• **WHAT IS EXPECTED**
Transcribe the entries exactly. Omit the pictures.
PROVIDED RECORDS Start Marker
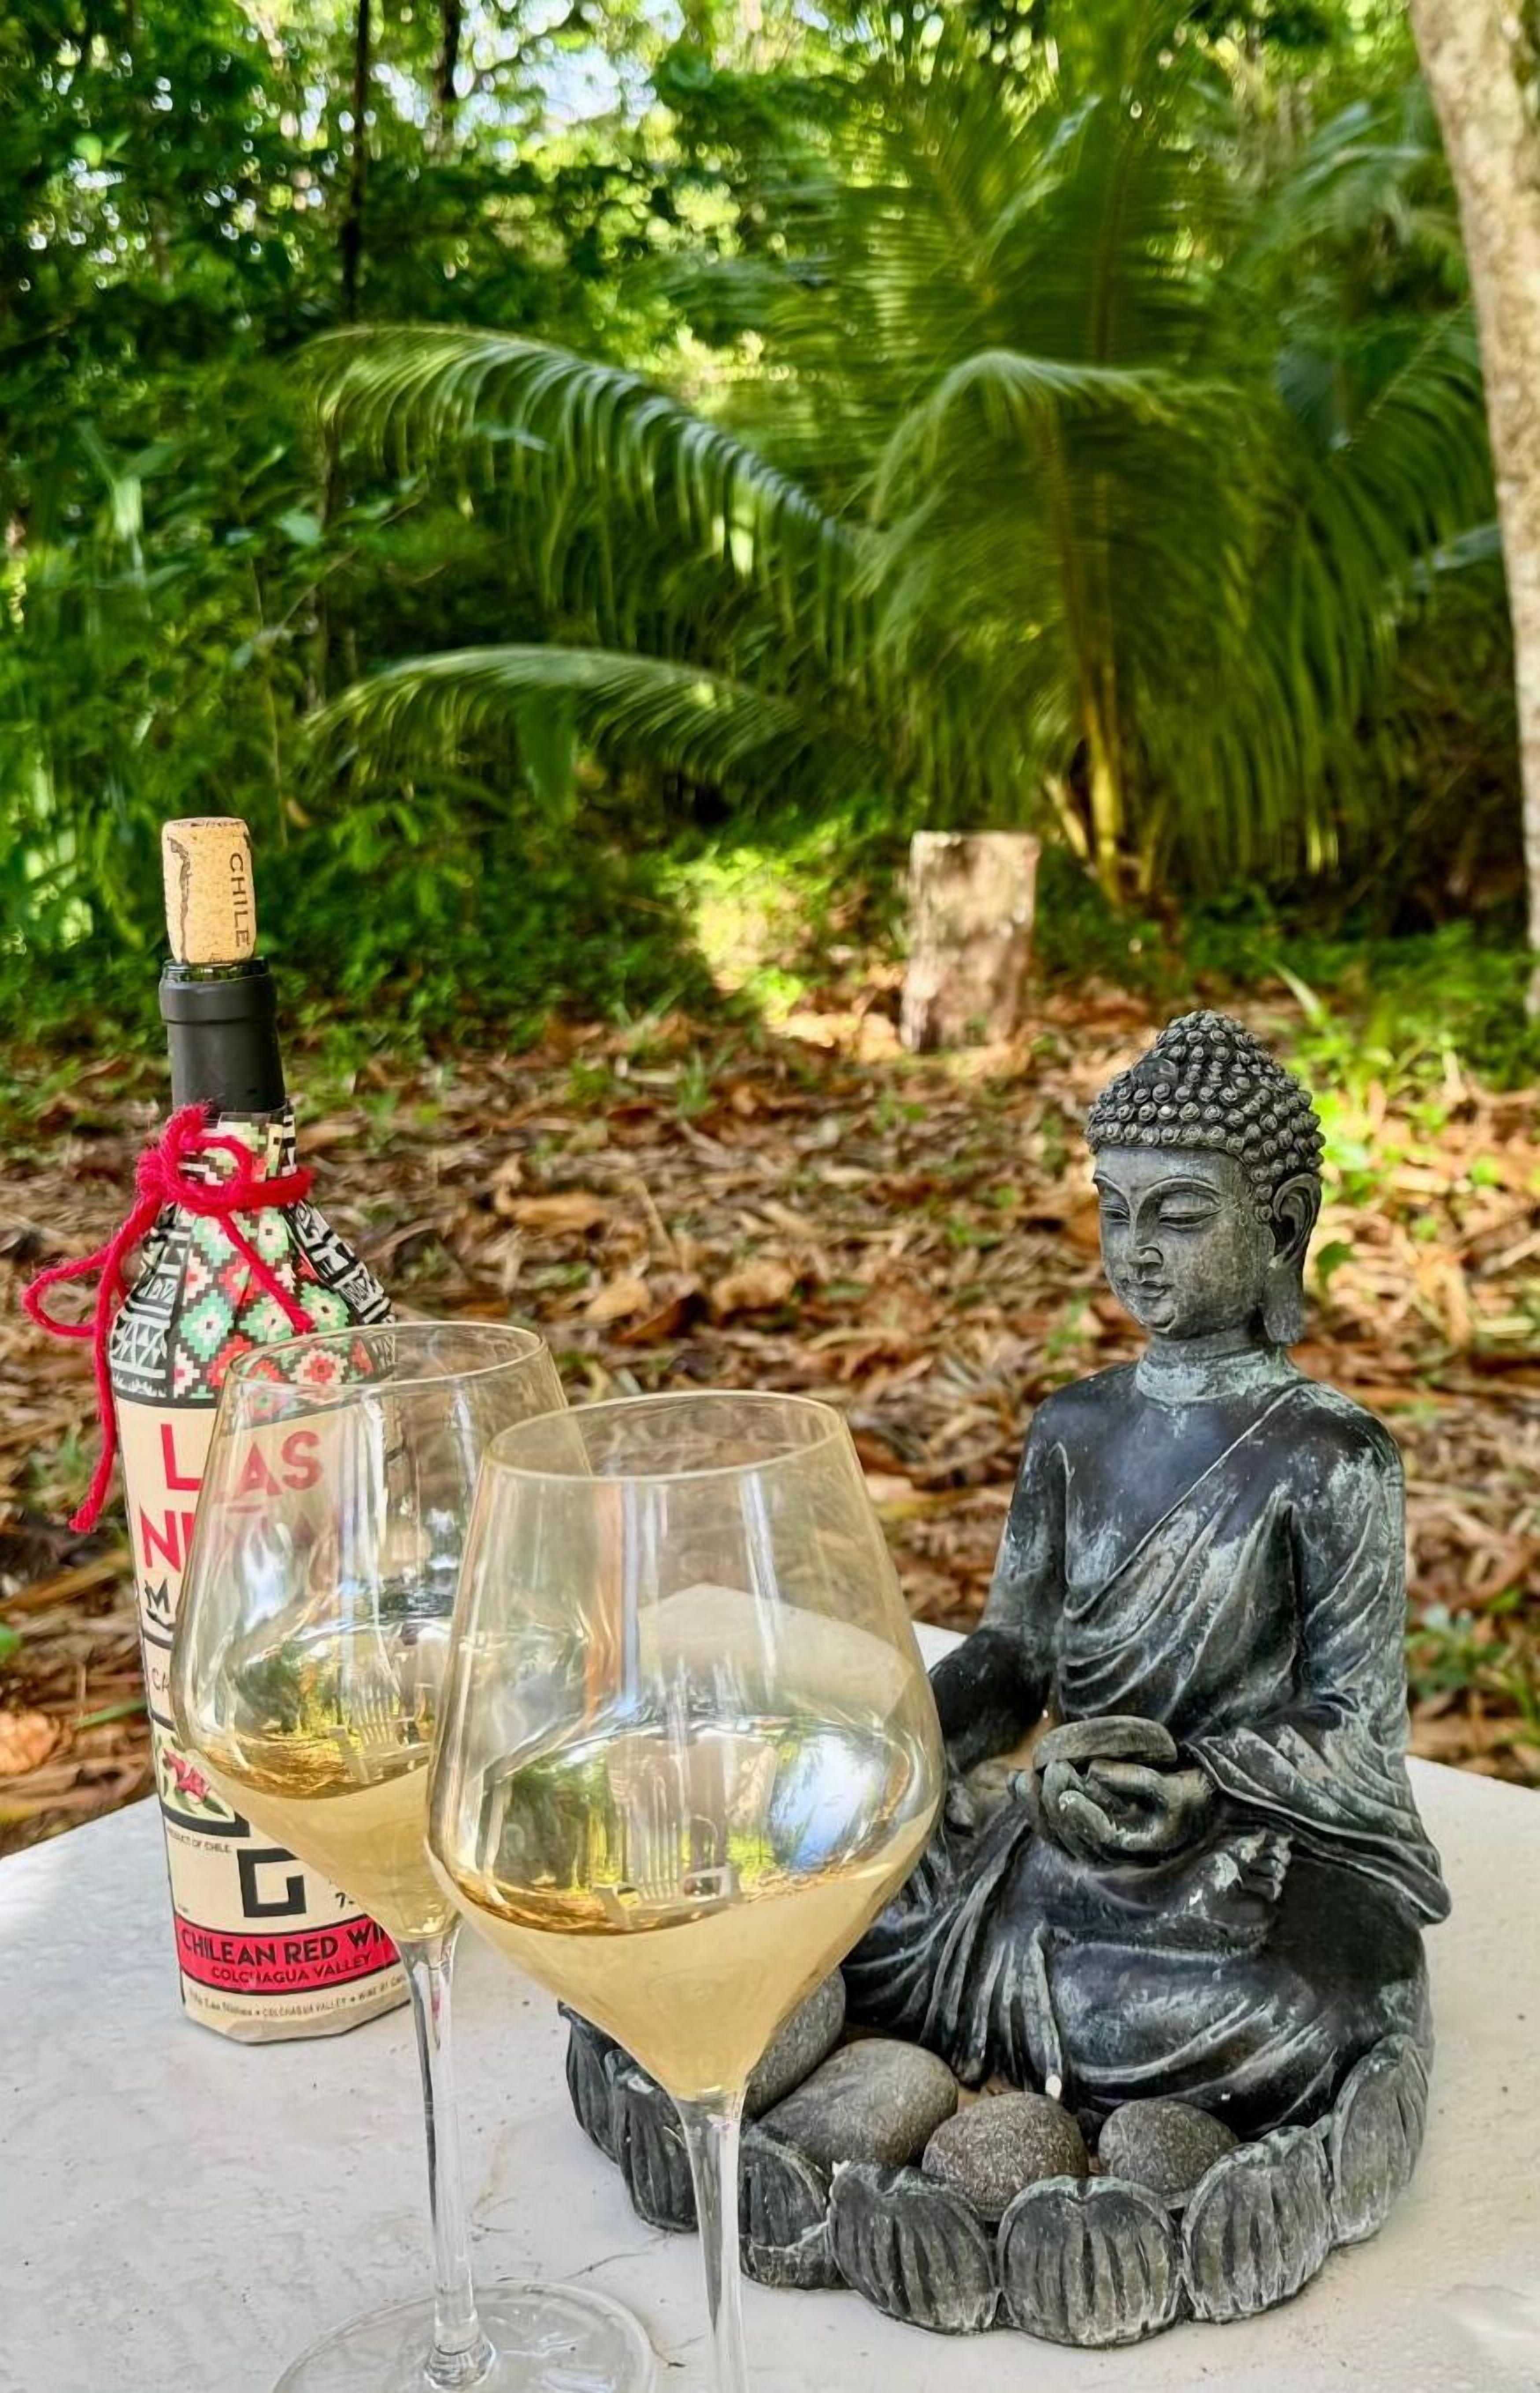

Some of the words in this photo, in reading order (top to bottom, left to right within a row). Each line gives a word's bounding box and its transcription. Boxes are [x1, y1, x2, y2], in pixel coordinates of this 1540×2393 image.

[229, 852, 250, 947] CHILE
[182, 1929, 276, 1966] CHILEAN
[283, 1936, 339, 1965] RED
[211, 1966, 310, 1983] COLCHAGUA
[313, 1952, 370, 1979] VALLEY
PROVIDED RECORDS End Marker
• **RESULT OF THIS TASK**
Some of the words in this photo, in reading order (top to bottom, left to right within a row). Each line gives a word's bounding box and its transcription. Boxes are [x1, y1, x2, y2], in pixel coordinates of this 1540×2393 image.

[229, 852, 250, 947] CHILE
[182, 1929, 276, 1966] CHILEAN
[283, 1936, 339, 1965] RED
[211, 1966, 310, 1983] COLCHAGUA
[313, 1952, 370, 1979] VALLEY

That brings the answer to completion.